Large block sizes
Today the default is to typically use 4KiB block sizes for storage IO and filesystems. In order to be able to leverage storage hardware more efficiently though it would be ideal to increase the block size both for storage IO and filesystems. This documents tries to itemize the efforts required to address this properly in the Linux kernel. These goals are long term, and while some tasks / problems may be rather easy to address, addressing this completely is a large effort which often times will require coordination with different subsystems, in particular memory, IO, or the filesystem folks.
Filesystem support for 64KiB block sizes
Filesystems can support 64KiB by allowing the user to specify the block size when creating the filesystem. For instance this can be accomplished as follows with XFS:
mkfs.xfs -f -b size=65536
In this example 64 KiB block size is used. This would correspond to the kdevops respective XFS section to test xfs_bigblock.

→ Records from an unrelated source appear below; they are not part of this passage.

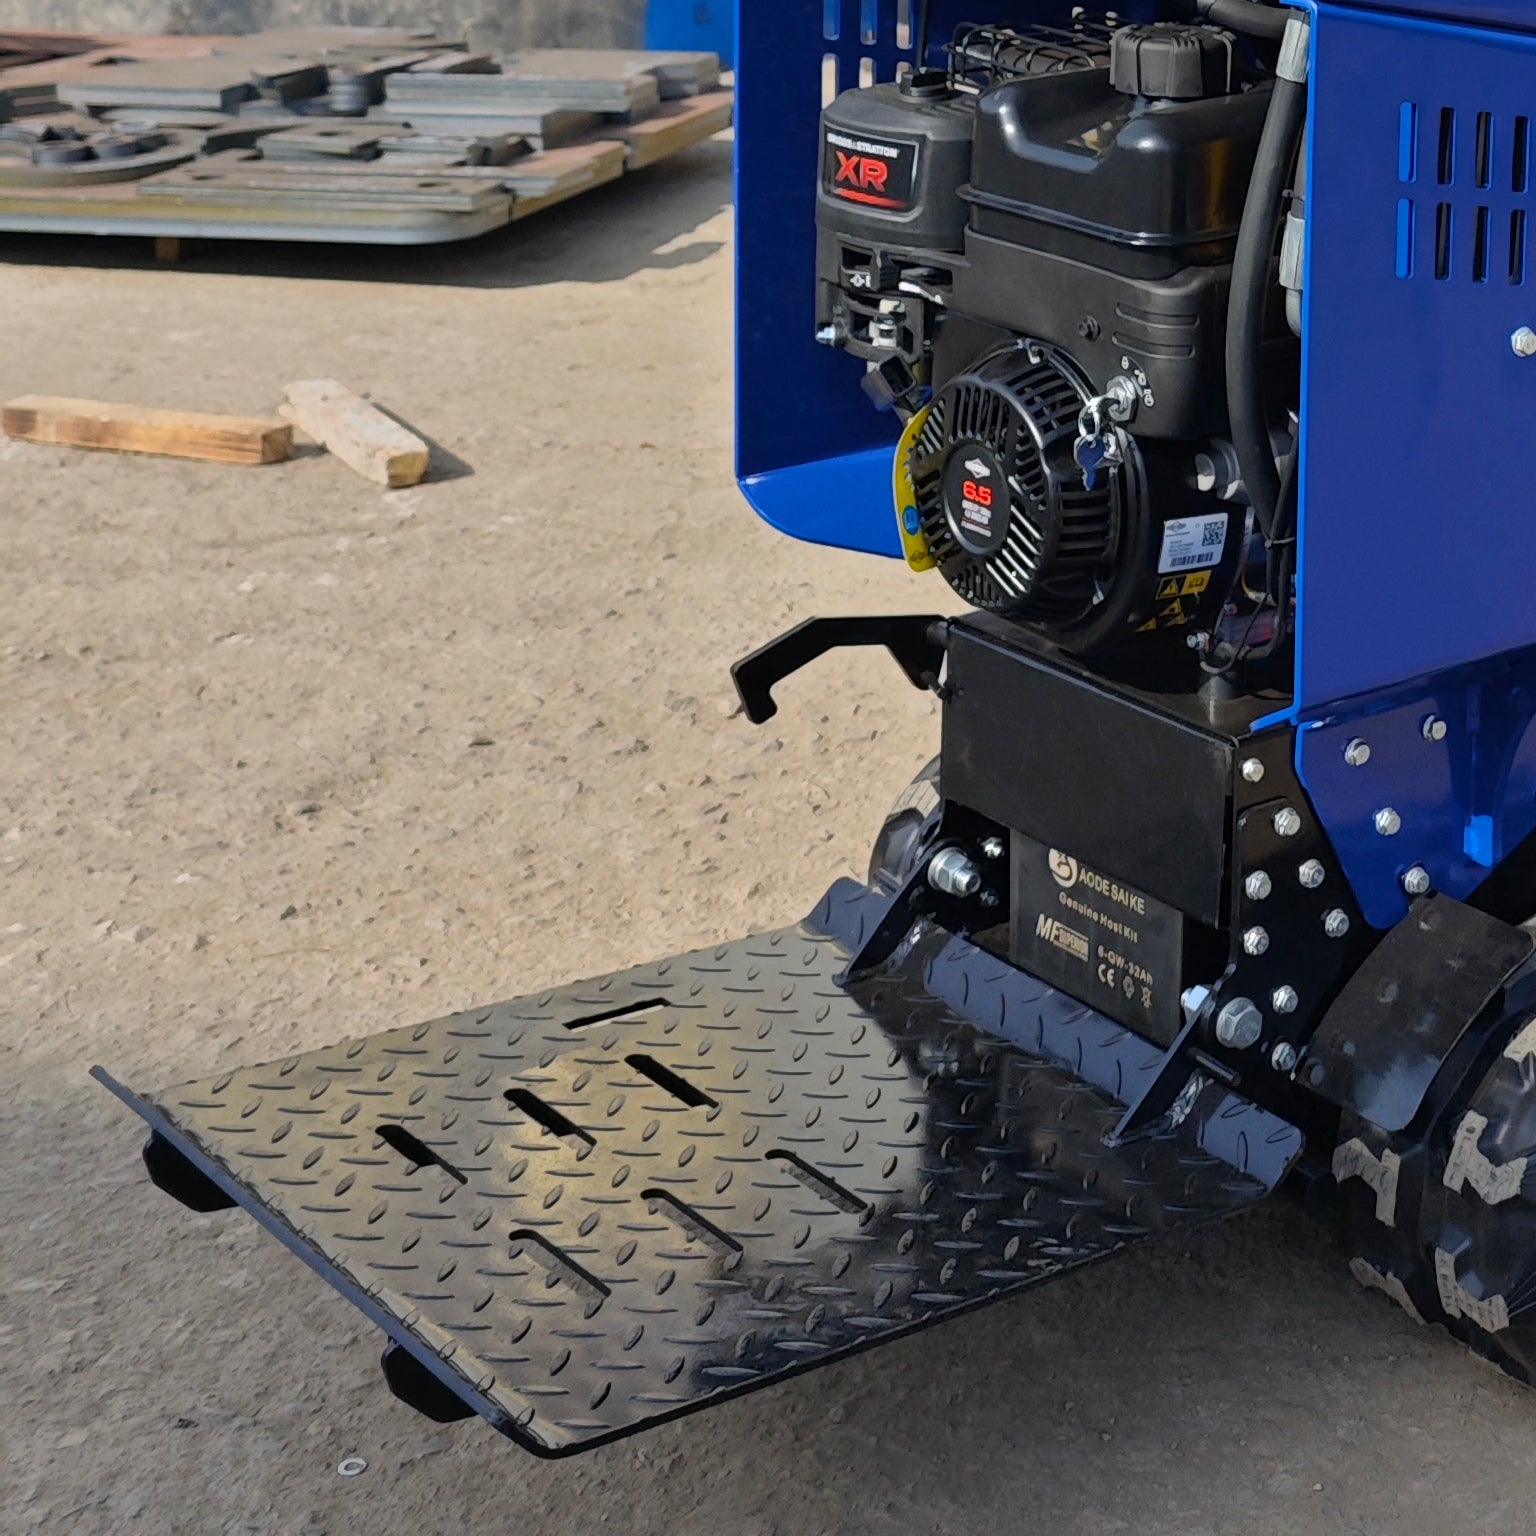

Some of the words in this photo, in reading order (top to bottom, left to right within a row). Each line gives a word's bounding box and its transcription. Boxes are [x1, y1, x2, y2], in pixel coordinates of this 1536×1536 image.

[835, 150, 888, 192] XR
[963, 480, 992, 506] 6.5
[1035, 913, 1060, 942] MF
[1059, 891, 1099, 922] Genuine
[1100, 912, 1123, 935] Host
[1123, 927, 1138, 944] Kit

But in order to be able to use use and test this the architecture underneath must also support 64KiB page sizes. Example of these are:
- ARM64: Through CONFIG_ARM64_64K_PAGES
- PowerPC: Through CONFIG_PPC_64K_PAGE
The x86_64 architecture still needs work to support this. What a filesystem needs to do to support this is to compute the correct offset in the file to the corresponding block on the disk. This is obfuscated by the get_block_t API. When CoW is enabled though this gets a bit more complicated due to memory pressure on write, as the kernel would need all the corresponding 64 KiB pages in memory. Low memory pressure create problems.
Storage IO supporting 64 KiB block sizes
A world with a 4 KiB PAGE_SIZE is rather simple due to writeback considerations with memory pressure. If your storage device has a larger block size than PAGE_SIZE, the kernel con only send a write once it has in memory all the data required. In this situation reading data means you also would have to wait for all the data to be read from the drive, you could use something like a bit bucket, however that would mean that data would somehow have to be invalidated should a write come through during say a second PAGE_SIZE read on data on a storage block of twice the PAGE_SIZE.

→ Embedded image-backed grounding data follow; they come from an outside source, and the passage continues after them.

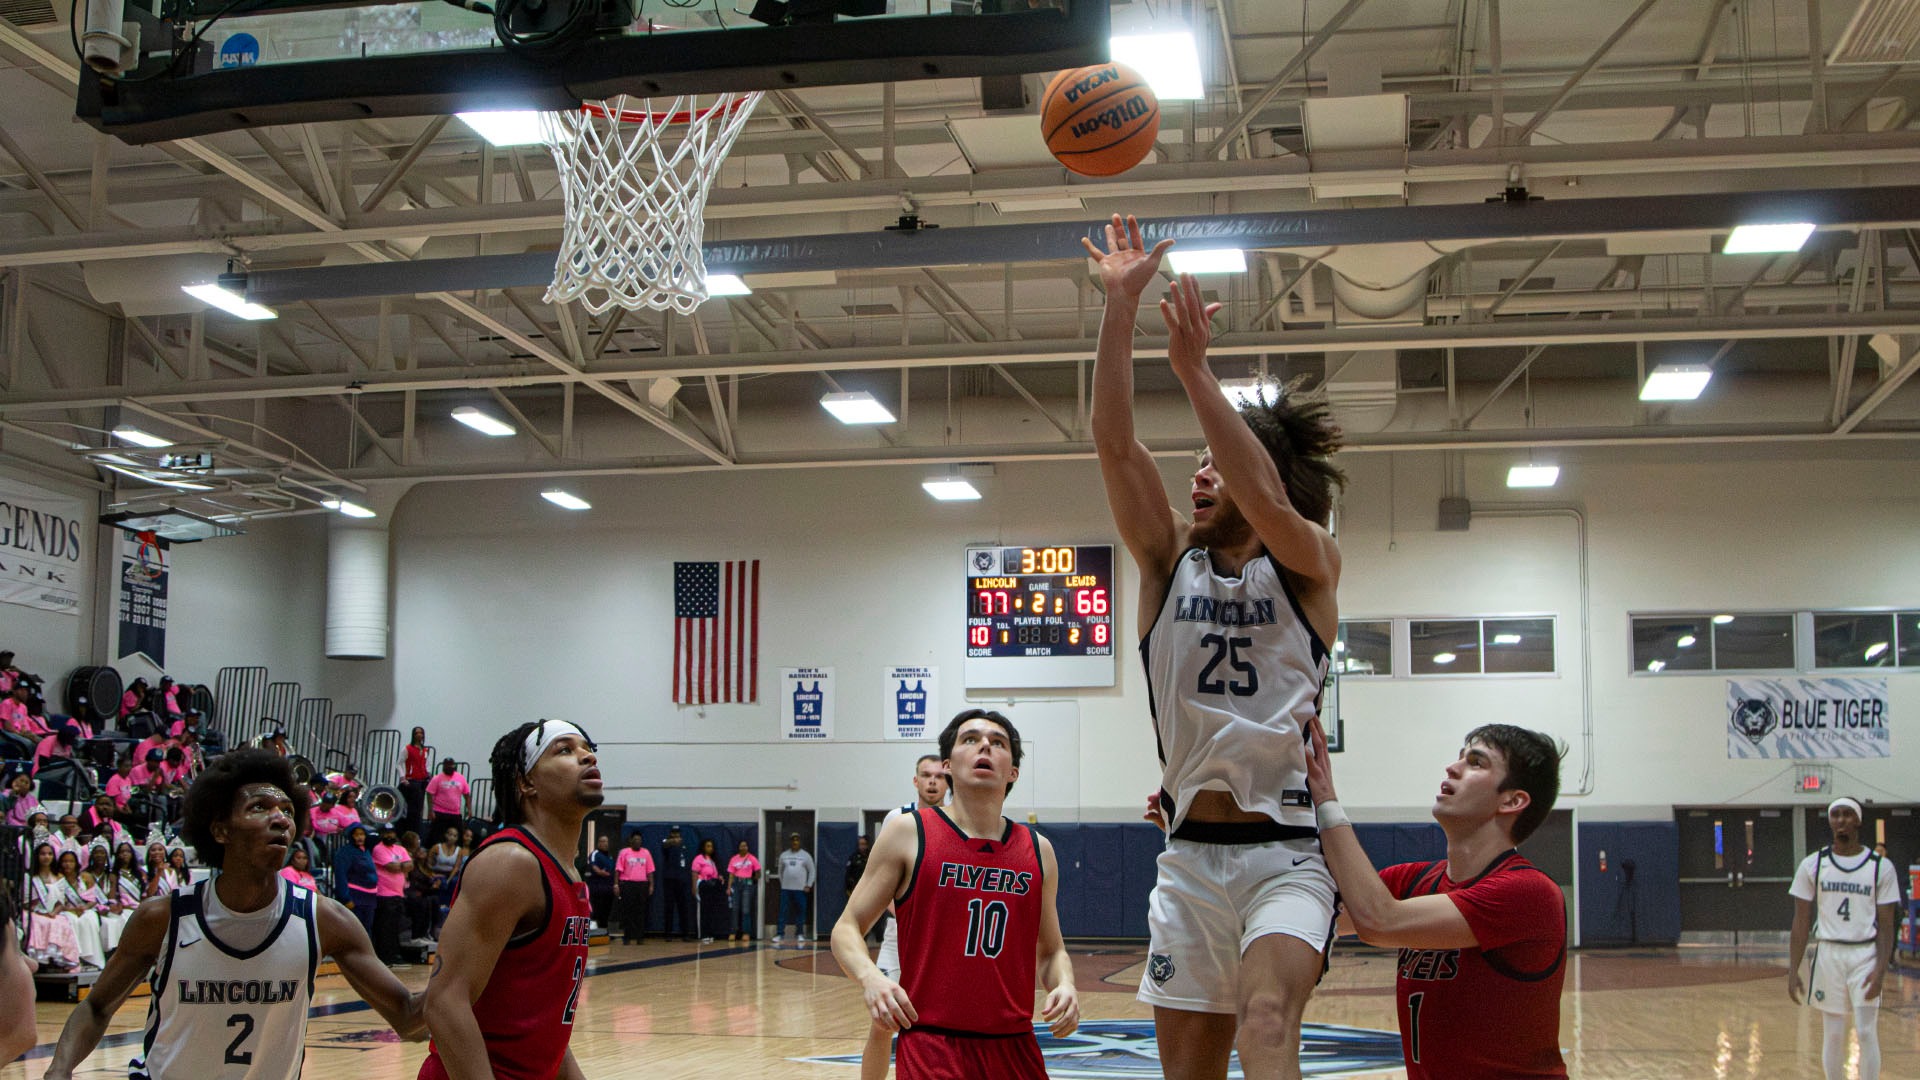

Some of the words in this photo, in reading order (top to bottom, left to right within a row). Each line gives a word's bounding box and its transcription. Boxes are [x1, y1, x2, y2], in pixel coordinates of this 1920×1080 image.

[1064, 67, 1119, 104] NCAA
[1071, 95, 1149, 138] Wilson
[1022, 548, 1073, 573] 3:00
[975, 577, 1017, 588] LINCOLN
[1029, 583, 1049, 591] GAME
[1065, 576, 1097, 586] LEWIS
[979, 591, 1009, 614] 77
[1032, 593, 1045, 613] 2
[1077, 589, 1107, 614] 66
[968, 618, 992, 626] FOULS
[1014, 617, 1041, 625] PLAYER
[1045, 616, 1064, 624] FOUL
[971, 627, 989, 645] 10
[1069, 629, 1080, 643] 2
[1095, 624, 1107, 644] 8
[968, 648, 992, 656] SCORE
[1025, 648, 1051, 656] MATCH
[1086, 647, 1110, 655] SCORE
[1198, 633, 1259, 696] 25
[802, 702, 814, 713] 24
[905, 701, 916, 712] 41
[1782, 699, 1827, 729] BLUE
[1832, 699, 1884, 729] TIGER
[938, 862, 1032, 896] FLYERS
[1820, 880, 1873, 896] LINCOLN
[1837, 897, 1850, 921] 4
[964, 898, 1009, 959] 10
[178, 979, 300, 1004] LINCOLN
[1408, 991, 1424, 1064] 1
[224, 1013, 255, 1065] 2

Using folios on the page cache to help
To address the complexity of writeback when the storage supports larger IO block sizes than the PAGE_SIZE folios should be used as a long term solution for the page cache, to opportunistically cache files in larger chunks, however there are some problems that need to be considered and measured to prove / disprove its value for storage. Folios can be used to address the writeback problem by ensuring that the block size for the storage is treated as a single unit in the page cache. A problem with this is the assumption that the kernel can provide the target block IO size for new allocations over time in light of possible memory fragmentation.
An assumption here is that if a filesystem is regularly creating allocations in the block size required for the IO storage device, that the kernel will also then be able to reclaim memory in these block sizes. A consideration here is that perhaps some workloads may end up spiraling down with no allocations being available for the target IO block size. Testing this hypothesis is something which we all in the community could work on. The more memory gets cached using folios the easier it becomes to address problems and contentions with memory using a larger IO block device than PAGE_SIZE.
Using huge pages
Using huge pages should help alleviate pressure when doing large allocations for large block sizes and also help with TBL pressure.